Por
José Antonio Díaz
La insistente campaña publicitaria que los productores
y/o distribuidores de esta comedia navideña han dirigido a la
prensa especializada desde el pasado verano, estación en la que
se rodó, habla muy a las claras de la confianza comercial que
se ha ganado entre la gente de aquéllos gremios Miguel Bardem,
hijo de Juan Antonio, el histórico director, y de Javier, el actor
de moda, desde la segunda mitad de los años 90, primero co-dirigiendo
con Menkes y Albacete dos cintas desesperadamente posmodernillas
(Más que amor, frenesí y Atómica), y luego en solitario
con La mujer más fea del mundo. Otra cosa es su valor cinematográfico.
Como antes hicieran sus ex -compañeros en Sobreviviré y
en I love you, baby, Bardem parece haber calmado sus ansias
gratuitamente transgresoras con Noche de reyes, pero, como aquéllos,
no consigue levantar el listón de sus deficientes resultados.
Para
empezar, la historia es tan absurda y de medio pelo que esperar
una buena comedia con tal punto de partida se antoja, sino imposible
(no sería la primera vez), sí milagroso: durante la noche de reyes,
la mujer de un empresario de aparatos de refrigeración descubre
durante la ceremonia de la firma de fusión entre la empresa de
su marido y una multinacional japonesa que va a sacar a aquélla
de su crisis, que aquél la engaña con su secretaria, con lo que,
despechada, arruina la ceremonia y, por tanto, la fusión, dando
pie a una serie de enredos cuya solución no tendrá lugar hasta
el amanecer.
Pero es que, además, no se sabe bien a qué juega
una cinta que, elucubrando elucubrando, se sospecha con intenciones
gamberras o, por lo menos, sarcásticamente denunciadoras de la
hipocresía de los modales con que la gente se desenvuelve en estas
fechas, pero a cada secuencia se desmiente a sí misma en un desarrollo
que da tumbos entre el costumbrismo más rancio y, finalmente,
el sentimentalismo más sonrojante y conservador.

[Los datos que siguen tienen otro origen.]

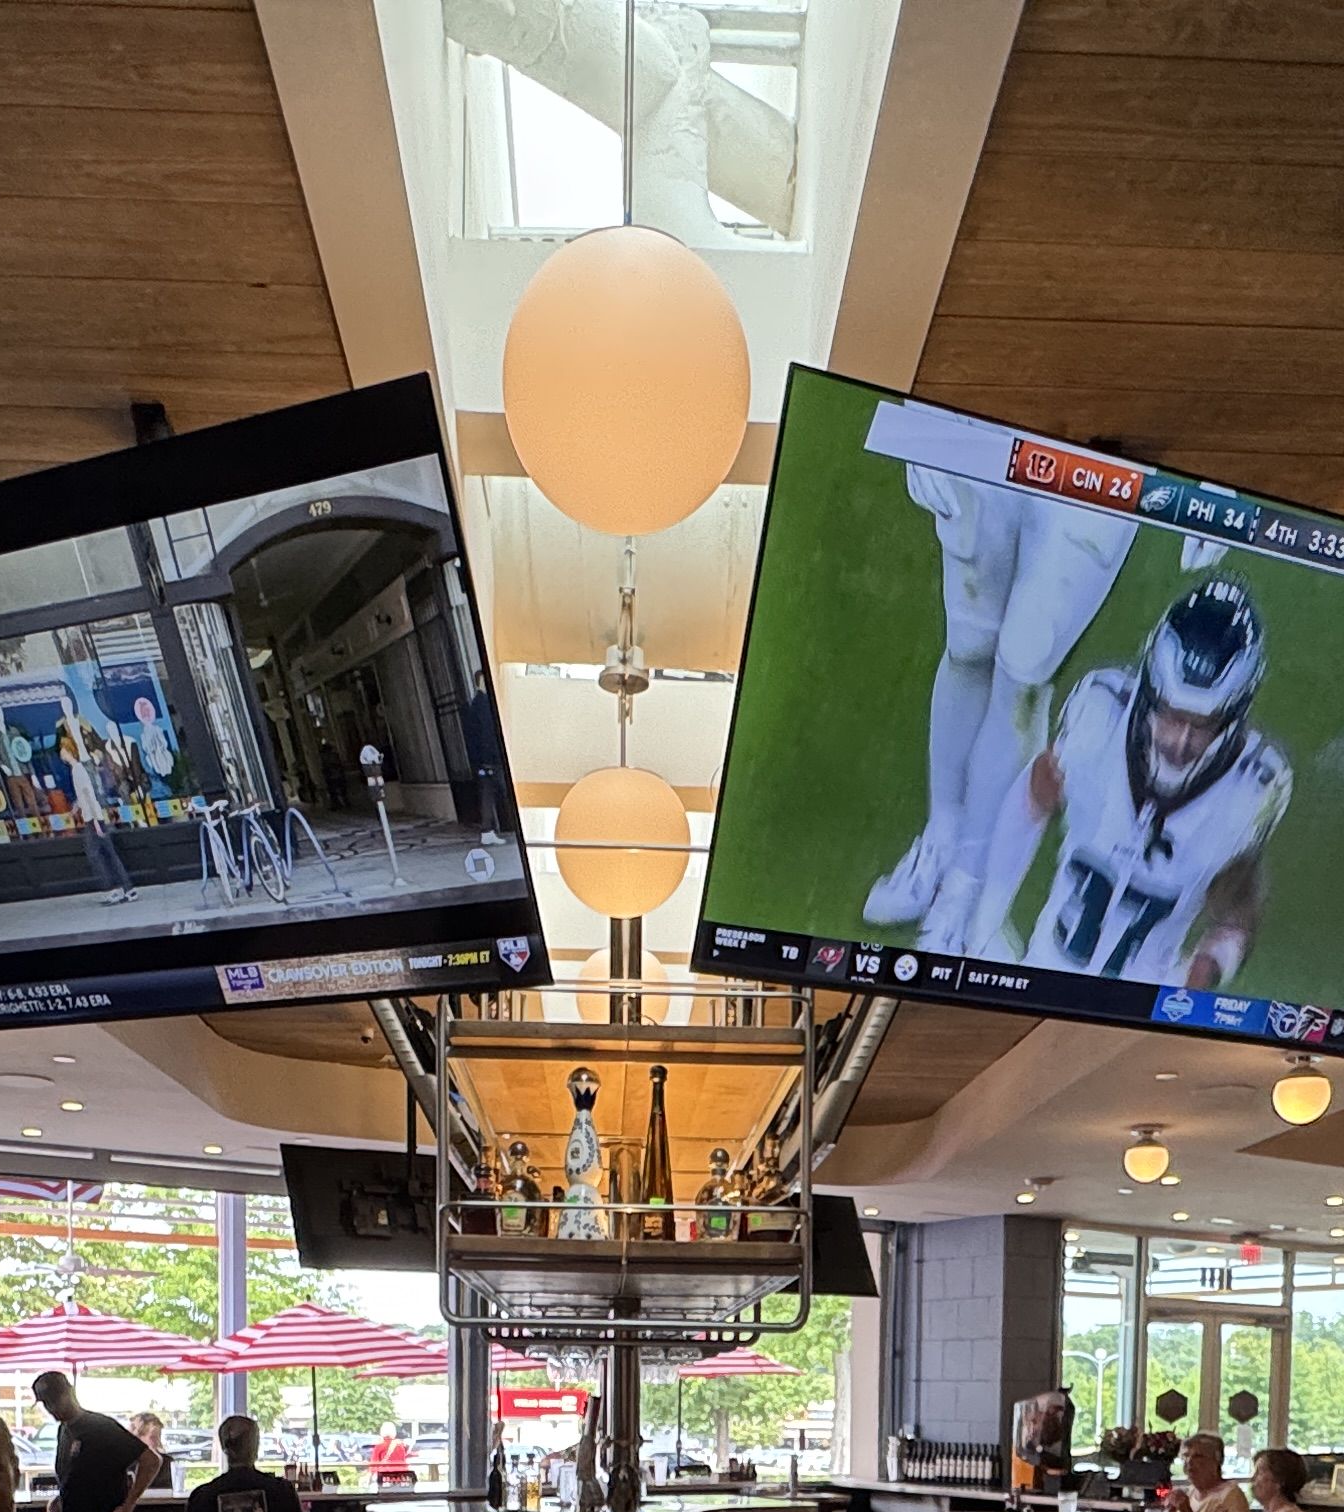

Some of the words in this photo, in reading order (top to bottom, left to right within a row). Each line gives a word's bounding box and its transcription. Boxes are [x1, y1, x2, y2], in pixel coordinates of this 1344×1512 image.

Con todo, el desaguisado de la historia que intenta
desarrollar un guión increíblemente escrito por cuatro autores
no es lo peor de la función. Descontextualizados a partir una
ambientación simplemente inexistente, cada personaje hace la guerra
por su cuenta, de tal manera que a cada intervención de cualquiera
de ellos sucede una réplica que brilla por su increíble desconexión,
con lo que unos diálogos trasnochados, originados en situaciones
absurdas, ni siquiera consiguen crear una mínima complicidad entre
los personajes que los recitan, que redimiría siquiera parcialmente
la inanidad de una comedia increíblemente gruesa, en la que bastante
hacen los habitualmente secundarios Joaquín Climent y la eternamente
infravolarada Kiti Mánver con sus personajes, teniendo en cuenta
las grotescas caricaturas que les dan la réplica y las situaciones,
a cuál más estúpida, en que todos se ven inmersos.